For entrepreneurs building on top of large language models, the key differentiator is not creating general platforms but achieving deep domain specialization. The call to arms is to know a vertical better than anyone and imbue that unique knowledge into AI agents, creating a defensible moat against more generalized tools.
With AI development becoming accessible, having an "AI product" is not a sustainable advantage. True defensibility comes from solving a specific customer problem better than anyone else, using AI as a tool, not the core value proposition. The challenge is no longer building, but deciding what to build.

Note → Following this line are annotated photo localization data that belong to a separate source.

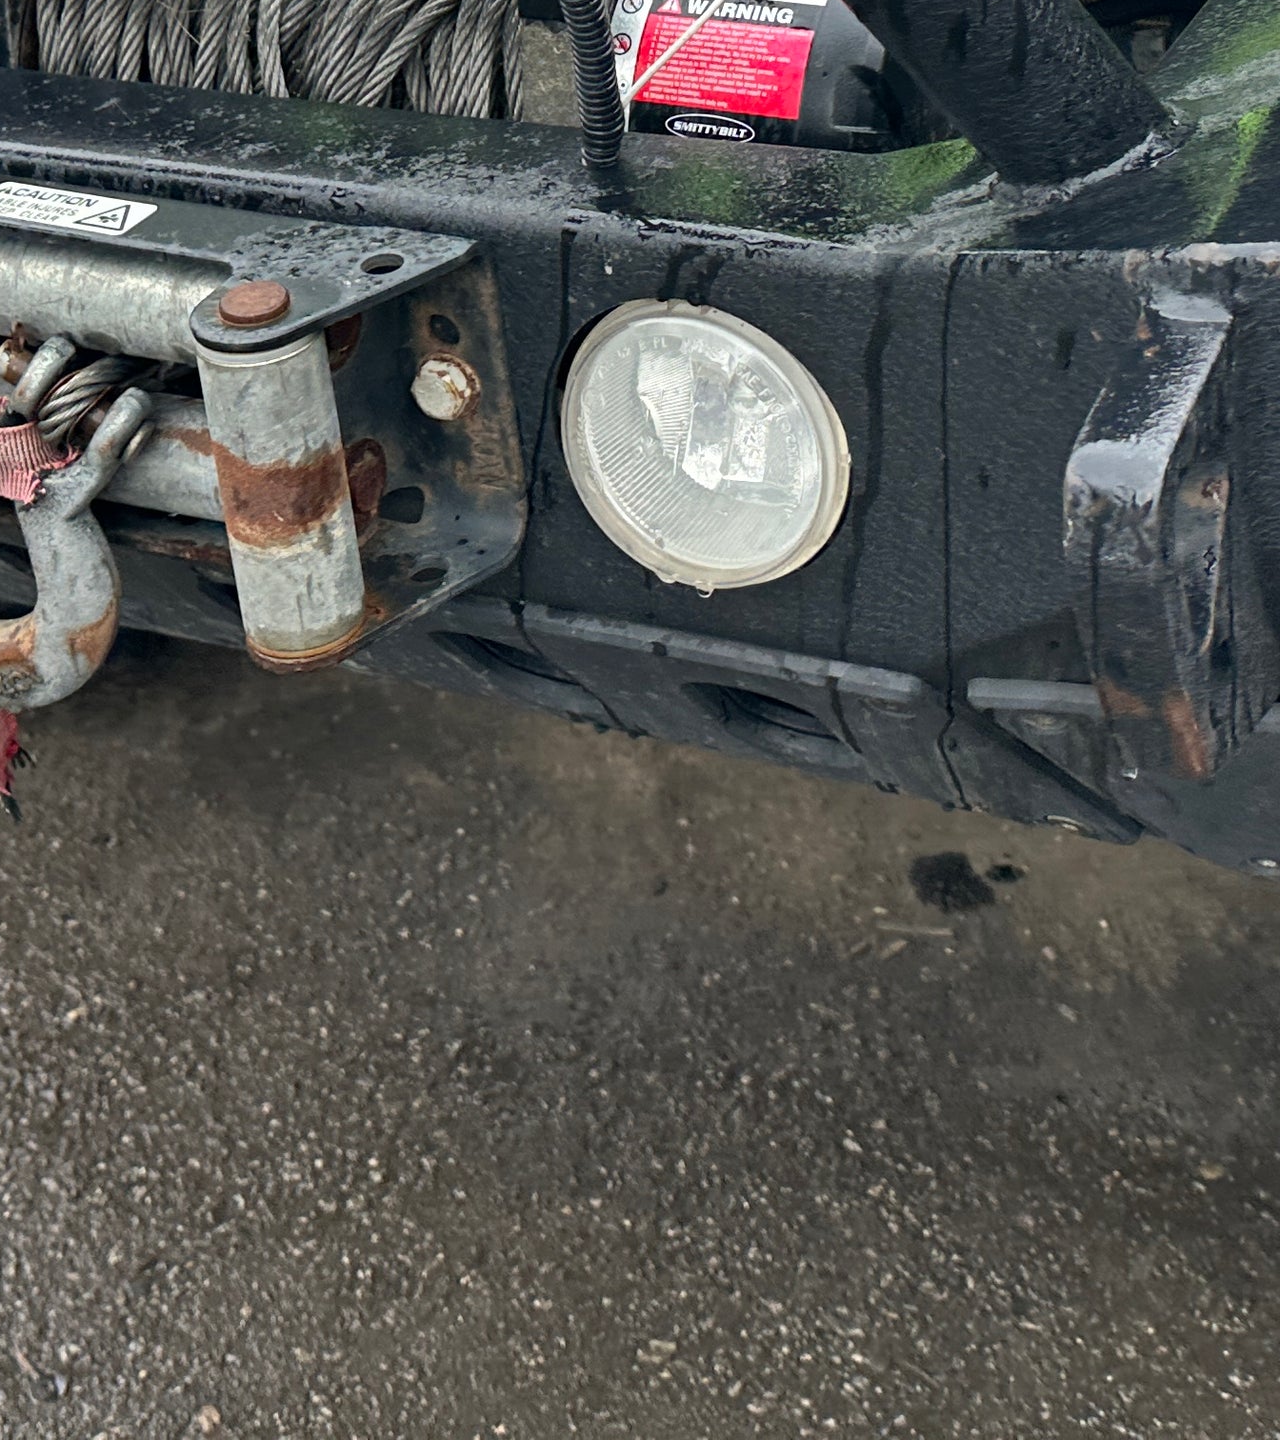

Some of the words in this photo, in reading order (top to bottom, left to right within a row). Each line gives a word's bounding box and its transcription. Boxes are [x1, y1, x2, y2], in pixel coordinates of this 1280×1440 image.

[672, 120, 748, 138] SMITTYBILT
[12, 187, 99, 208] CAUTION
[19, 210, 60, 222] CLEAR
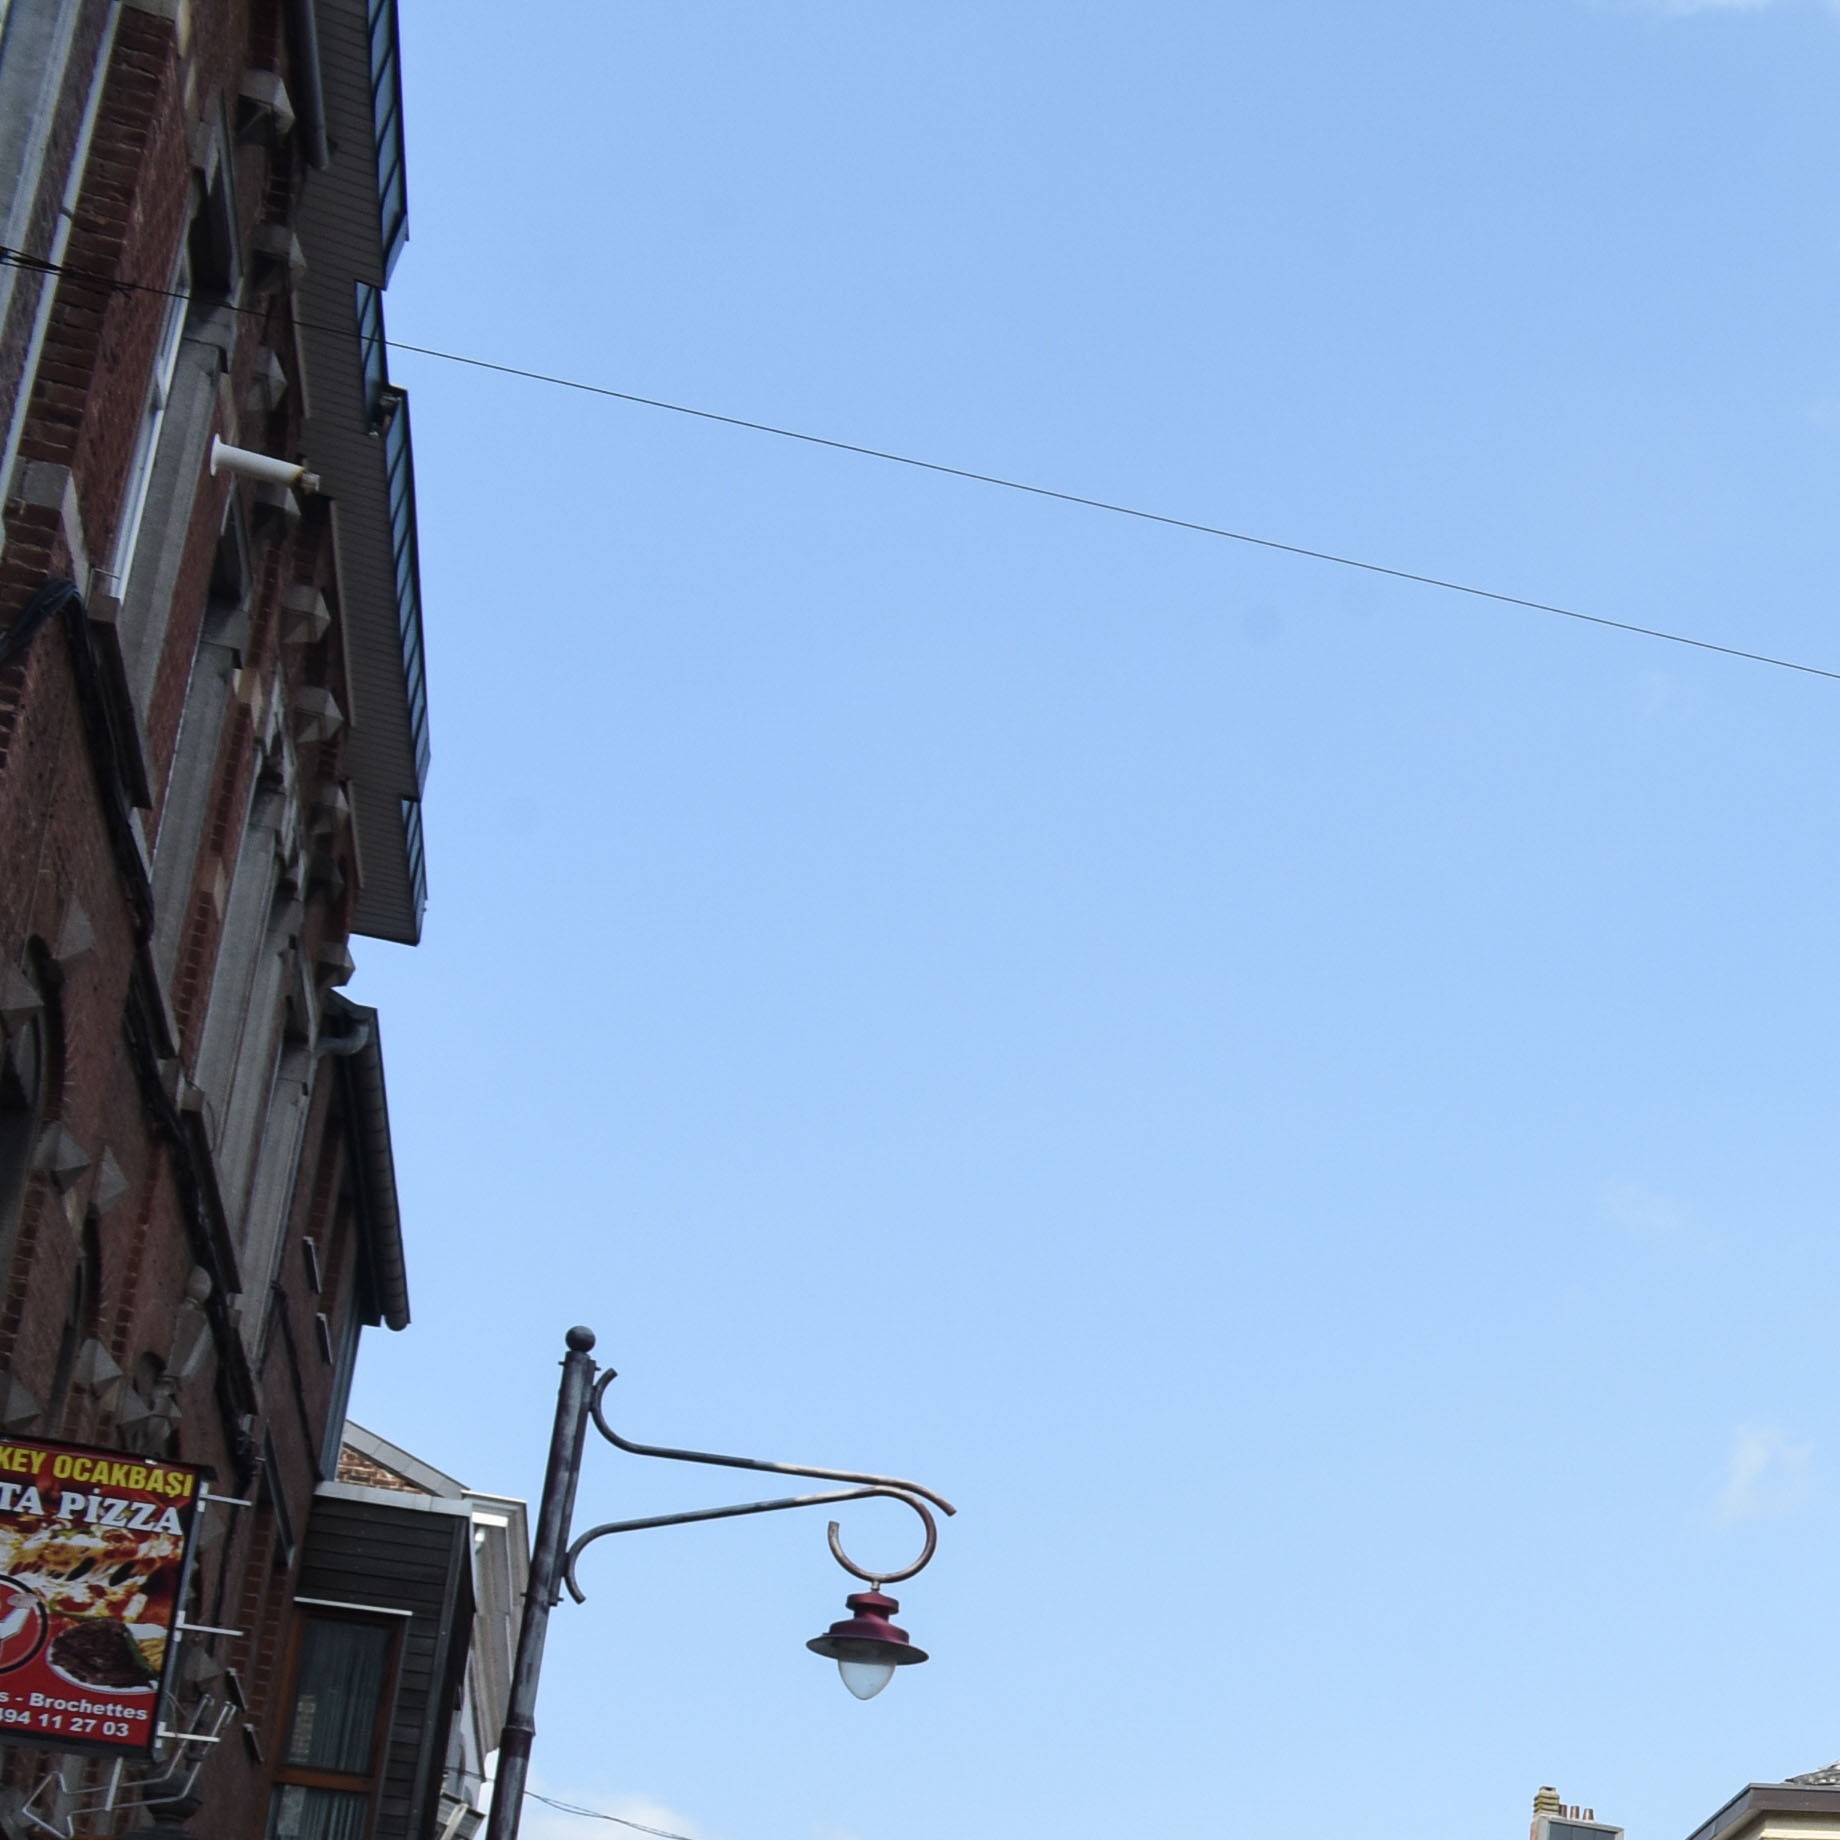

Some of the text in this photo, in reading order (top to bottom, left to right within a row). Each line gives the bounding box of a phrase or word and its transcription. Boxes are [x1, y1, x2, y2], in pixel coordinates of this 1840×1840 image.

[53, 1455, 195, 1498] OCAKBAŞI
[29, 1692, 148, 1720] Brochettes
[37, 1713, 62, 1729] 11
[69, 1717, 97, 1733] 27
[102, 1721, 129, 1737] 03
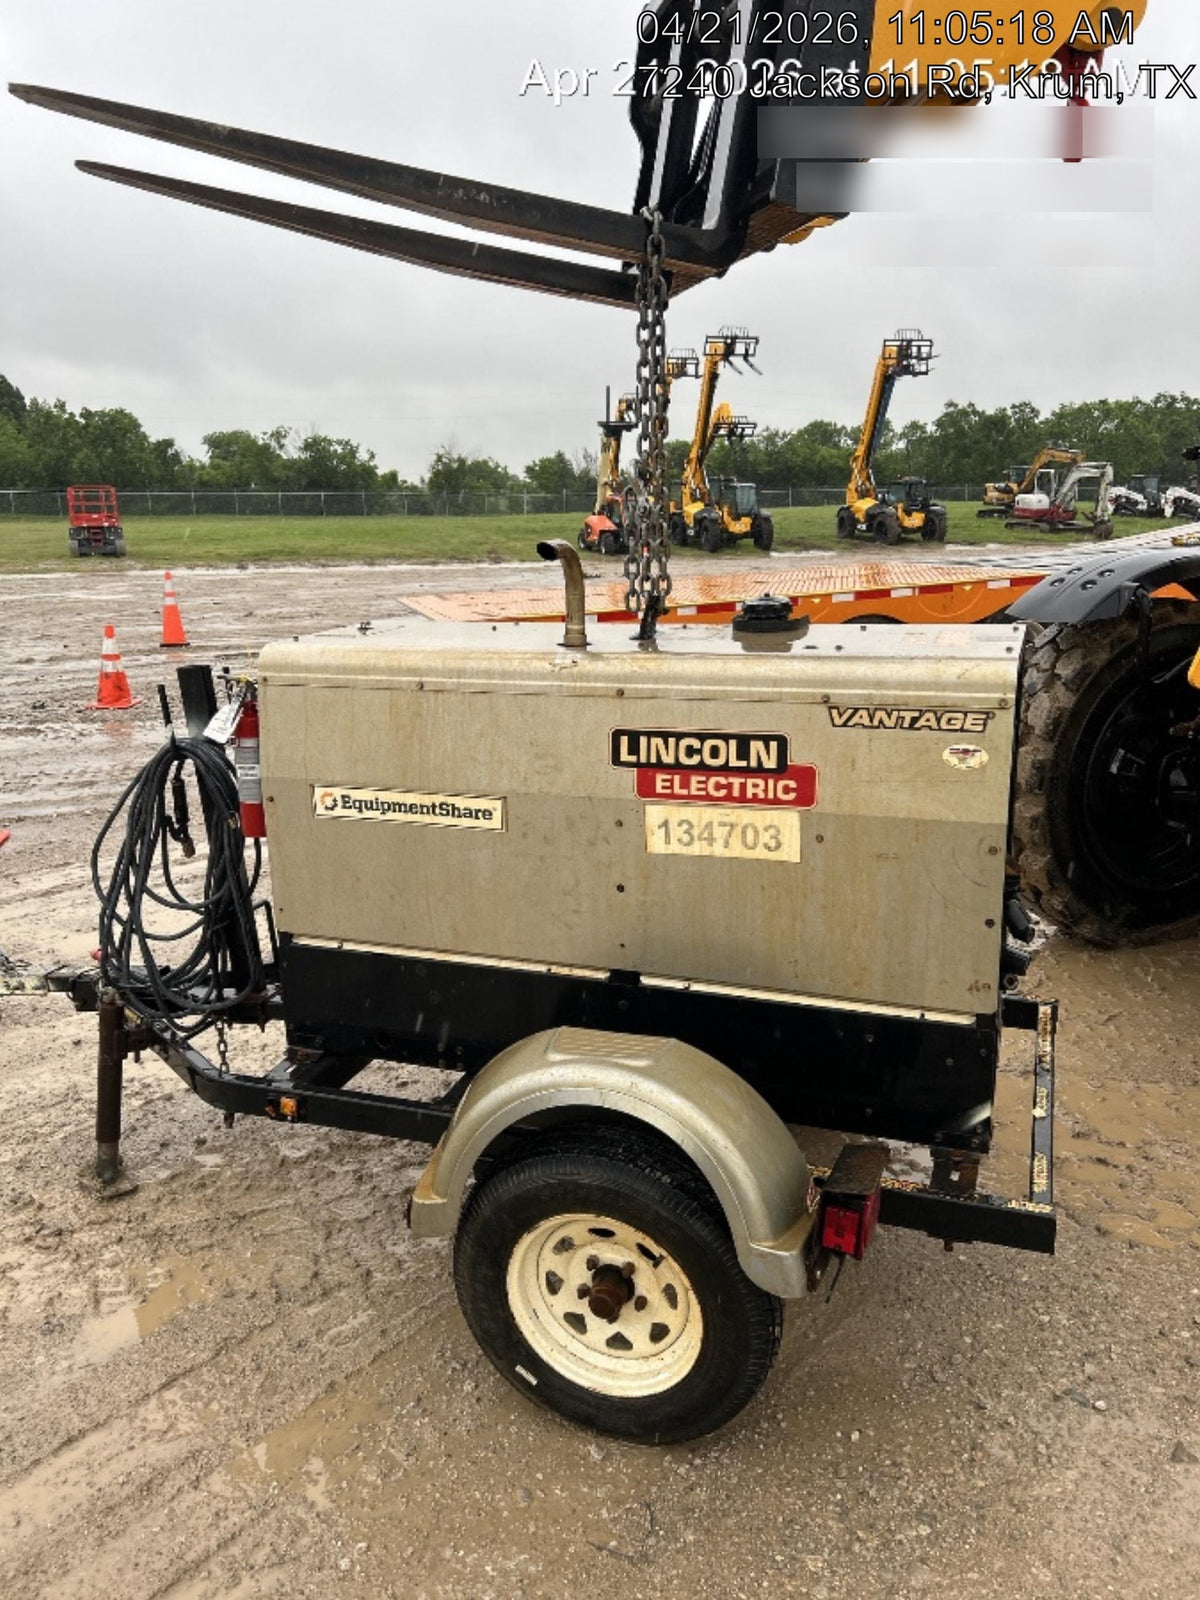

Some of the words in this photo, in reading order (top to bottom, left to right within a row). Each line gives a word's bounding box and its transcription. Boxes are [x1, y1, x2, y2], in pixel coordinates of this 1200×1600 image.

[829, 706, 987, 732] VANTAGE
[618, 734, 779, 769] LINCOLN
[654, 773, 798, 801] ELECTRIC
[340, 794, 493, 820] EquipmentShare
[657, 818, 783, 853] 134703
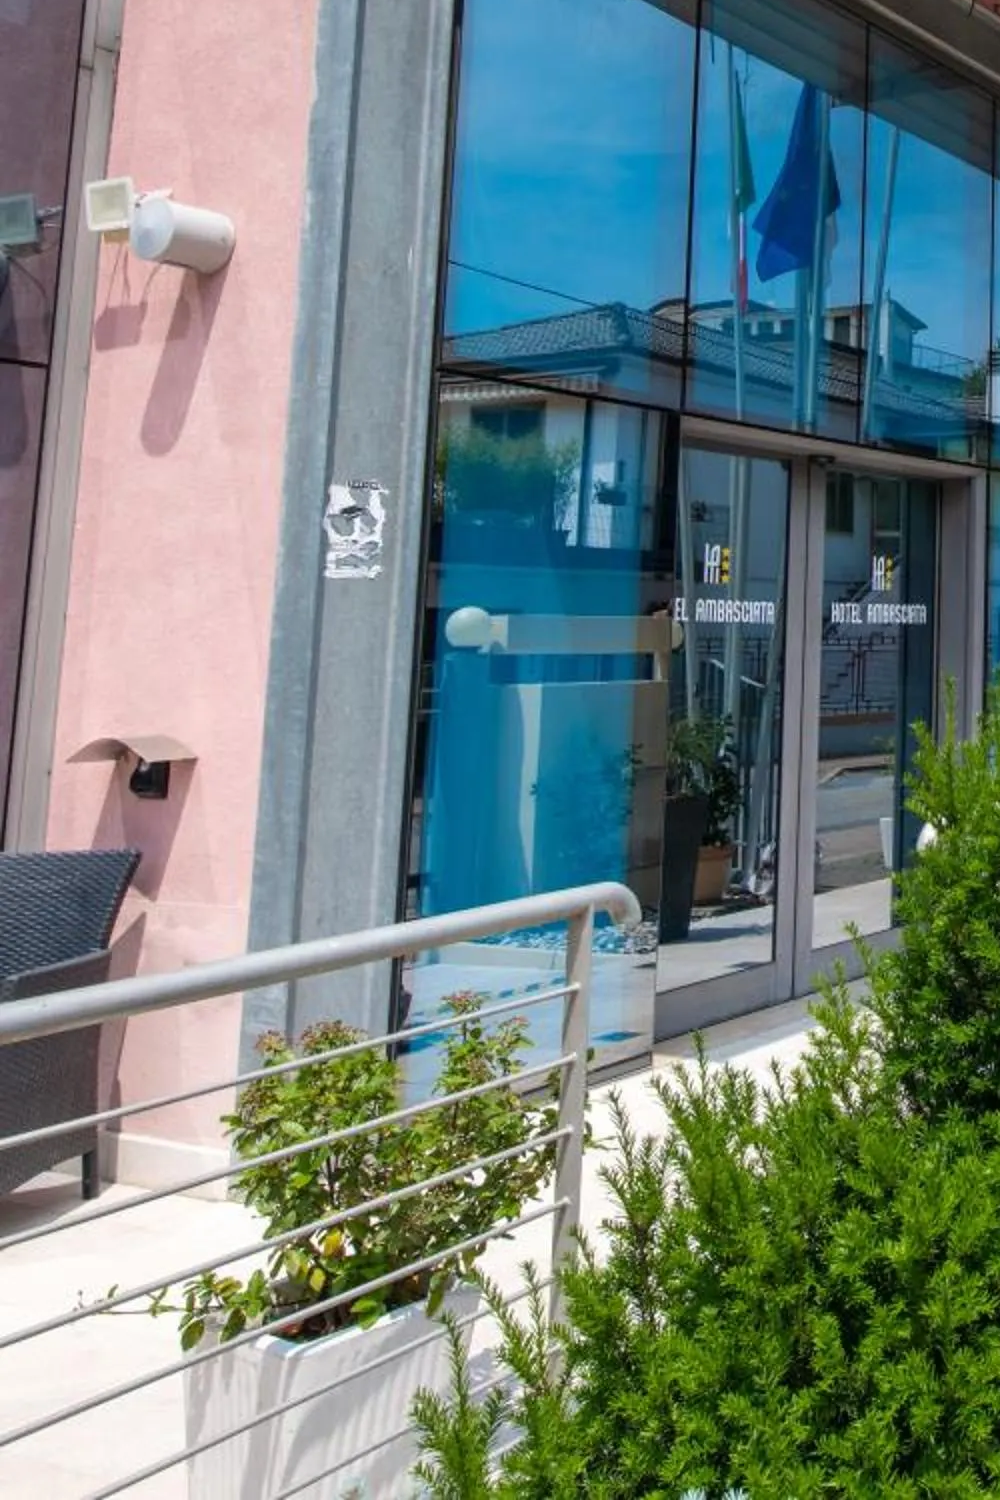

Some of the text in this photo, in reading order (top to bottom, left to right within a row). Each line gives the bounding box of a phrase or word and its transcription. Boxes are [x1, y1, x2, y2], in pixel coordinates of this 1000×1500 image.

Simply using AI provides no competitive advantage, as it's a widely available tool. A true, defensible moat is created by combining AI's capabilities with your unique domain expertise, proprietary processes, and established relationships. AI should augment your existing strengths, not replace them.
Drawing from Verkada's decision to build its own hardware, the strategy is to intentionally tackle difficult, foundational challenges early on. While this requires more upfront investment and delays initial traction, it creates an immense competitive barrier that latecomers will struggle to overcome.